(Reuters) – China’s Ministry of Industry and Information Technology convened a series of emergency meetings over the past week with leading semiconductor companies, seeking to assess the damage from the U.S. chip restrictions, Bloomberg News reported on Thursday.
The ministry summoned executives from firms including Yangtze Memory Technologies Co (YMTC) and supercomputer specialist Dawning Information Industry Co to attend closed-door meetings, the report said.
This month the Biden administration passed a sweeping set of export controls aimed at slowing Beijing’s technological and military advances, including sales restrictions on certain advanced chips and chip equipment tools.
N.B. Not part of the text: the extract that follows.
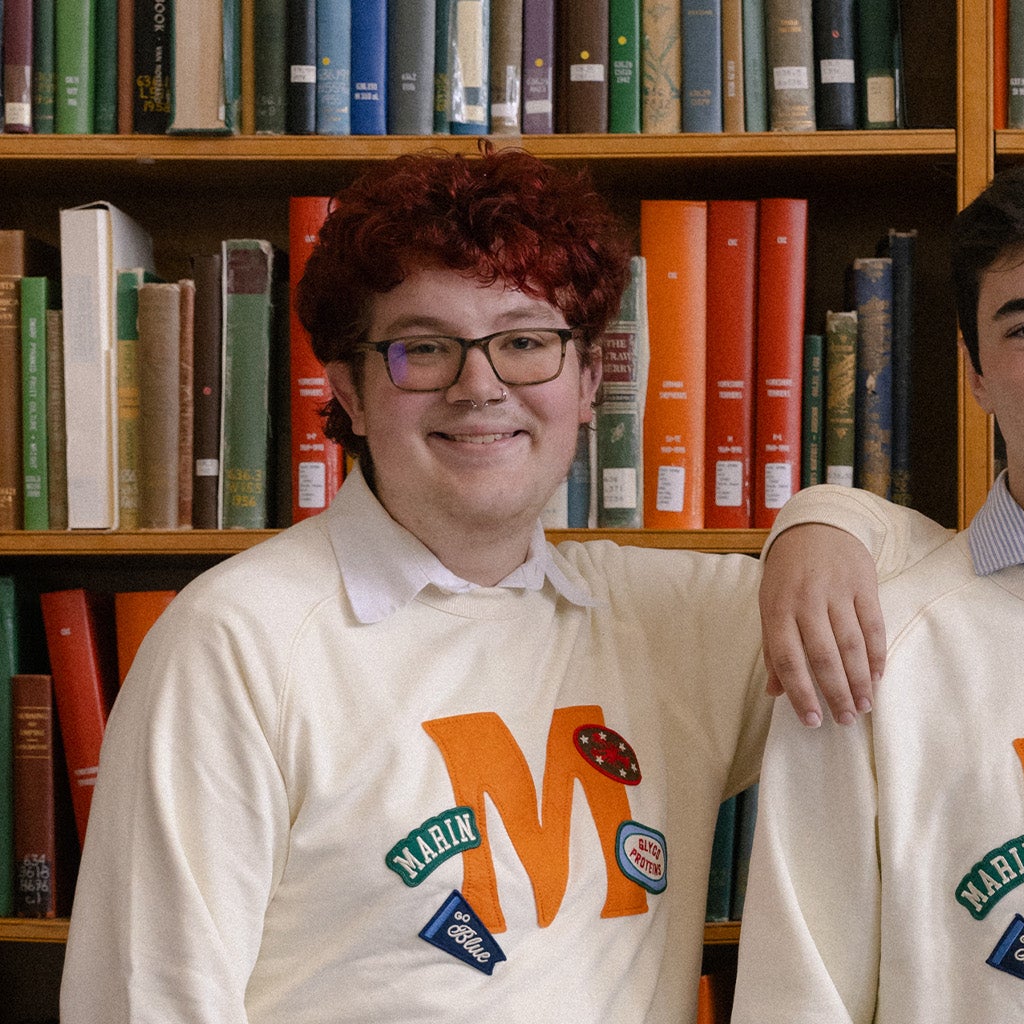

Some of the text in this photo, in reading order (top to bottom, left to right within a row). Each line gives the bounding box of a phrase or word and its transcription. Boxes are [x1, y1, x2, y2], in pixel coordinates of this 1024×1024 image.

Experts have said the new rules will have a broad impact, slowing China’s efforts to develop its own chip industry and advance commercial and state research involving military weapons, artificial intelligence, data centres and many other areas that are powered by supercomputers and high-end chips.
According to the Bloomberg report, many of the participants at the meetings argued that the U.S. curbs spell doom for their industry, as well as China’s ambitions to untether its economy from American technology.
YMTC, Dawning and the industry ministry did not immediately reply to Reuters’ requests for comment.
On Sunday, Chinese President Xi Jinping called for his country to “win the battle” in core technologies in his full work report as he kicked off the once-every-five-years Communist Party Congress.
Experts have said the work report could signal an overhaul in Beijing’s approach to advancing its tech industry, with more state-led spending and intervention to counter U.S. pressures.